Friday, February 3, 2023

More Thoughts on Theosis

 “God became man so that man might become God. The Lord took the form of a servant so that man might be turned to God. The Founder and Inhabitant of heaven dwelt upon earth so that man might rise from earth to heaven.”

-St. Augustine, 5th century


“Because He became human so that we would be made God.”

-St. Athanasius, 4th century


“What man is, Christ was willing to be—so that man may also be what Christ is. … What Christ is, we Christians will be, if we imitate Christ.”

-St. Cyprian, 3rd century


“As I have already said, He caused man to cleave to and to become one with God. … Unless man had been joined to God, he could never have become a partaker of incorruptibility. … He became what we are so that we might become what He is.”

-St. Irenaeus, 2nd century


“Make your home within Me, and I within you. Just like the branch can’t produce on its own if it doesn’t make its home within the vine, so neither you if you don’t make your home within Me. I am the vine, you, the branches. The one making his home within Me and I within him, this one produces a lot of fruit, because separated from Me you can’t do anything at all. If someone doesn’t make his home within Me, he is tossed outside like the branch and dried up and they gather them together and toss them into the fire and they are burned. If you make your home within Me and My words make their home within you, you would ask whatever you wish and it will happen for you.”

-Jesus Christ, 1st century


“Yet I am not requesting about these alone, but also about those putting their trust in Me through their message, so that all of them would be one thing, just like You, Father, are within Me and I within You, so that also they would be one thing within us, so that the world would trust that You sent Me. And I have given to them the glory which You had given to Me, so that they would be one thing just like we are one thing; I within them and You within Me, so that they would be having been brought to completion into one thing, so that the world would know that You sent Me and loved them just like You loved Me. Father, what you had given to Me, I wish that where I am  those also would be with Me, so that they would watch My glory, which You had given Me because You loved Me before the foundation of the world.”

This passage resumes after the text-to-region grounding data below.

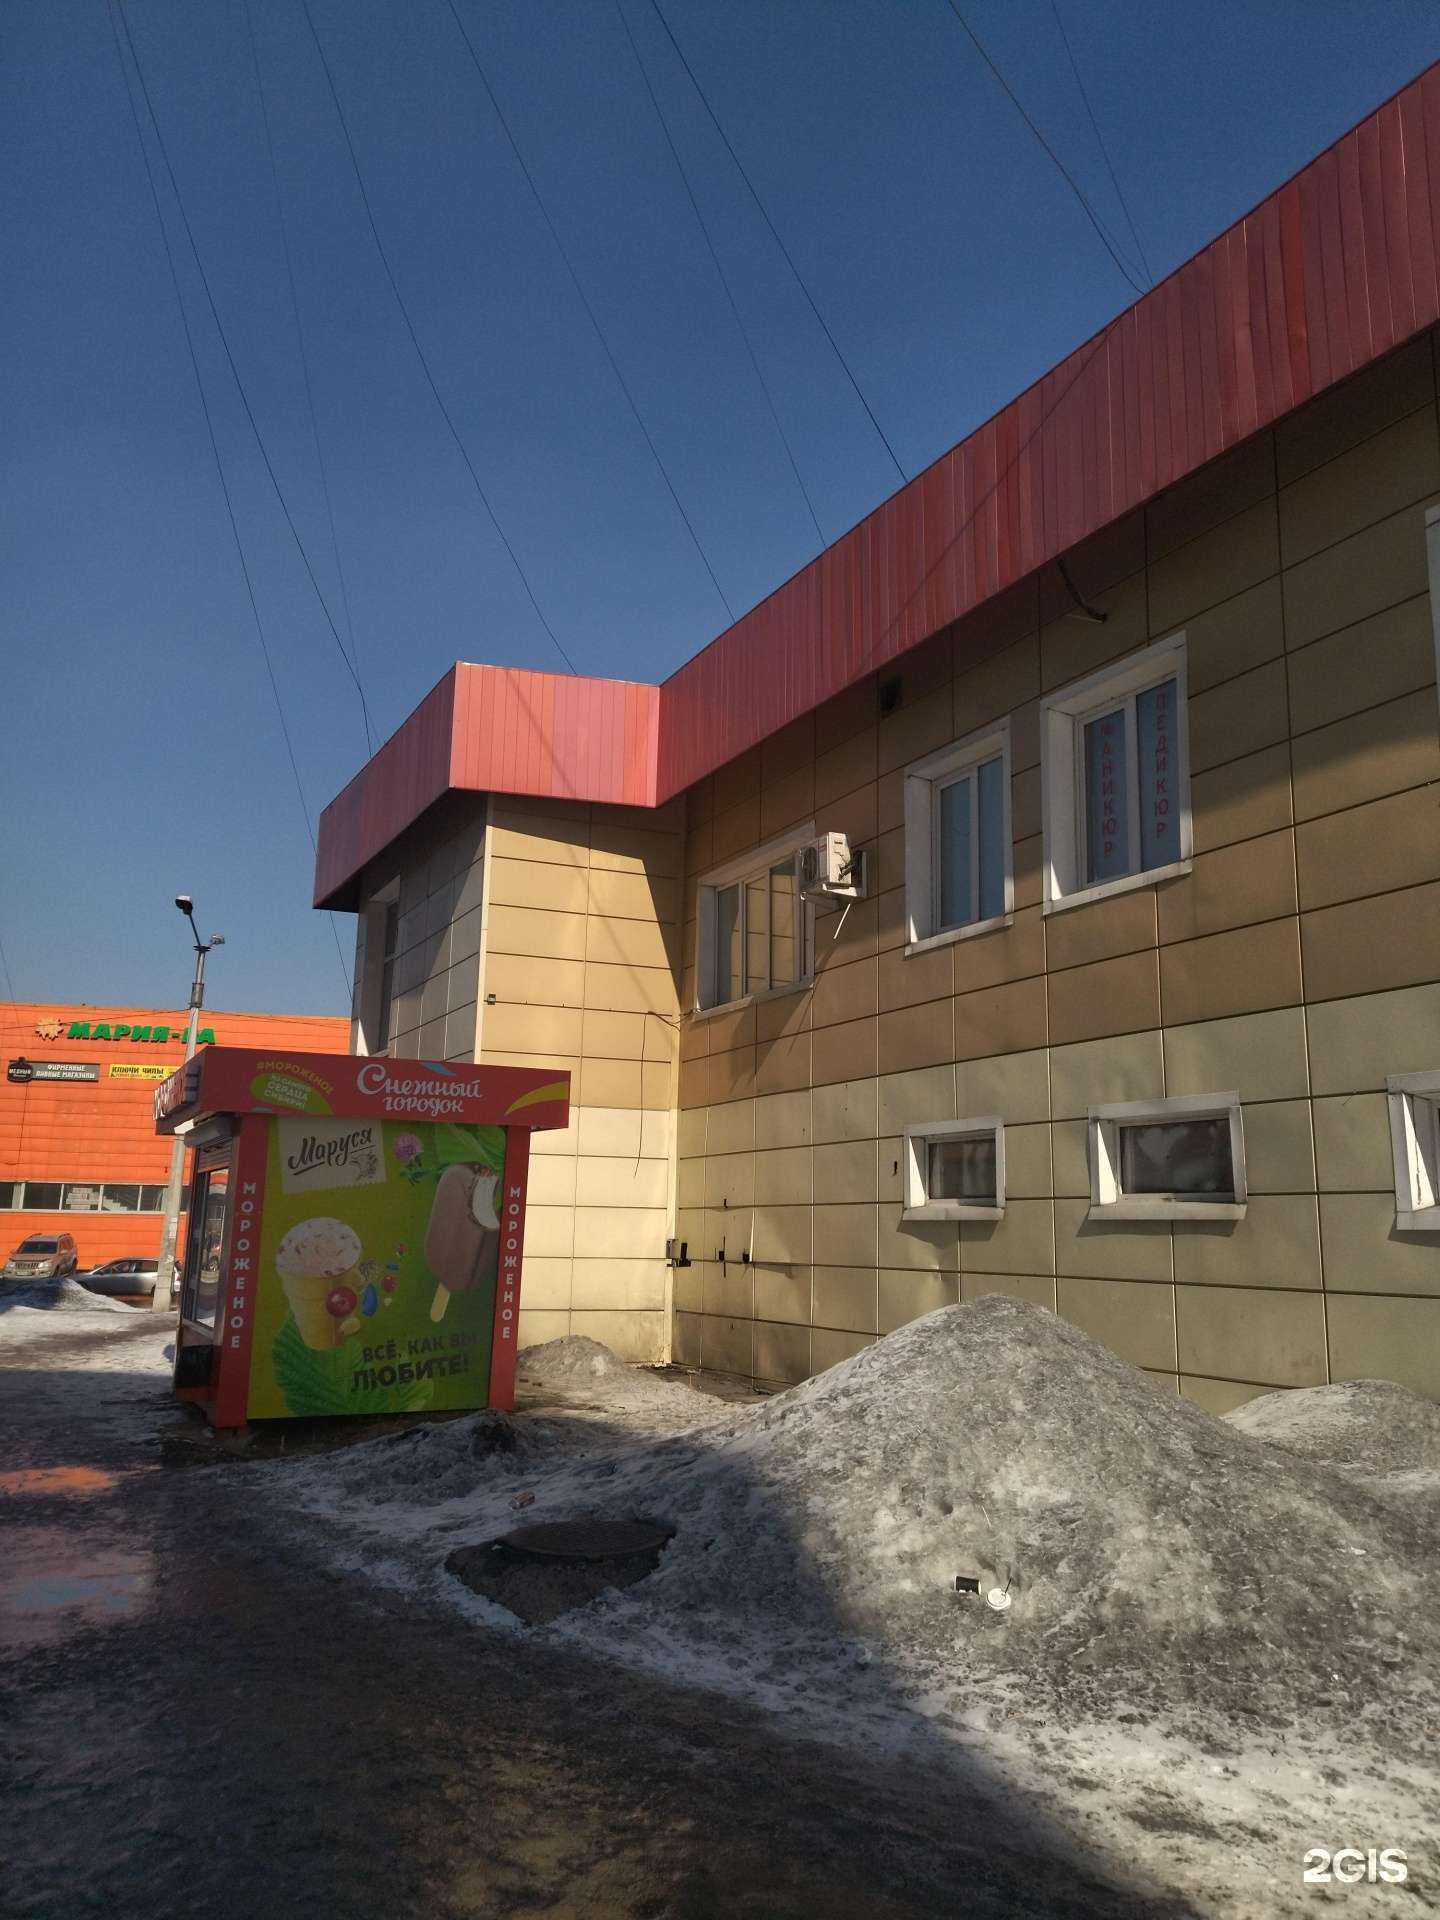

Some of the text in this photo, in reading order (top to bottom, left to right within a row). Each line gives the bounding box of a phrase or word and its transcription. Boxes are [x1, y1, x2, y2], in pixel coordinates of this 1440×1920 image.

[1154, 693, 1169, 838] ПЕДИКЮР
[1100, 720, 1117, 857] МАНИКЮР
[67, 1022, 216, 1045] МАРИЯ-А
[47, 1064, 86, 1072] ФИРМЕННЫЕ
[62, 1071, 95, 1079] МАГАЗИНЫ
[112, 1066, 139, 1074] КЛЮЧИ
[356, 1063, 484, 1099] Снежный
[382, 1094, 465, 1117] городок
[287, 1126, 376, 1170] Маруся
[230, 1181, 257, 1349] МОРОЖЕНОЕ
[501, 1185, 522, 1340] МОРОЖЕНОЕ
[407, 1336, 444, 1355] КАК
[448, 1332, 480, 1346] ВЫ
[351, 1354, 470, 1392] ЛЮБИТЕ!

-Jesus Christ, 1st century


     The subject of theosis, or deification, is generally ignored in today’s churches, especially those having descended from the Reformation, yet it forms the very basis of our salvation in Jesus Christ. As the quotations above demonstrate, our union with God through Jesus Christ is something which was taught from the very beginning of the Church, even by Christ Himself. 

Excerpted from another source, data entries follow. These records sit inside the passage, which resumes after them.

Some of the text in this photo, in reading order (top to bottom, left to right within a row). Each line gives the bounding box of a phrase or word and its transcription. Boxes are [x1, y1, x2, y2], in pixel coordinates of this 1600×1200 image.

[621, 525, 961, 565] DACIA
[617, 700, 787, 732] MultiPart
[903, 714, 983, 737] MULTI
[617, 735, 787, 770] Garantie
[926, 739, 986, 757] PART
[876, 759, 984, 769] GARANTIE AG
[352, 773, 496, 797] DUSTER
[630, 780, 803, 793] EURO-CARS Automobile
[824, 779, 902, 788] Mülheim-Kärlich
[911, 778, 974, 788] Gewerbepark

     Through union with Jesus Christ in His death, burial, and resurrection, we are made one thing with Him, joined with Him. As we voluntarily submit to the Spirit of Christ so that He becomes the source and origin of our actions, thoughts, and words instead of our own malfunctioning biology, we inherit His inheritance, the eternal life, the kingdom of Christ and of God. What is His becomes ours just as what is ours became His. Where He is we are, and where we are He is. We are one with Him just as Jesus Christ was one with the Father, as He asked the Father in John 17.

     By refusing to submit to the Spirit of Christ with whom we have been joined, we continue to operate from our own devices, our own faulty biology and resources. We close ourselves off from our inheritance, and separate ourselves from the one with whom we are one thing. We shut ourselves off from His eternal life, from the inheritance which is ours through Christ Jesus when we, for whatever reason, choose to not disengage from our own behaviors and responses, and explicitly or implicitly hand ourselves over to His Spirit, the Breath of Christ.

     Think about that for a minute. By refusing to submit to the Breath of Christ, we choose to be homeless paupers digging through the trash to hoard crap we can’t keep, and try to keep rules and regulations in order to restrain our faulty and malfunctioning impulses and behaviors to do the right thing and yet end up doing the wrong thing regardless. And the absurdity of it is that as one with Jesus Christ, literally everything in creation is ours because everything in creation is His, and as one with Jesus Christ, He, the God who is love incarnate, becomes the source and origin of all our actions and words which can never produce the wrong thing. As Jim Elliot said, “He is no fool who gives up what he cannot keep to gain what he cannot lose.” But in order to gain what we cannot lose, we must let go of what we cannot keep.

     Theosis is what salvation is, and what it is about. Not pardon. Not an escape from hellfire. Not a paradaisical afterlife. But union with God through union with Jesus Christ in His death, burial, and resurrection and everything which goes with it.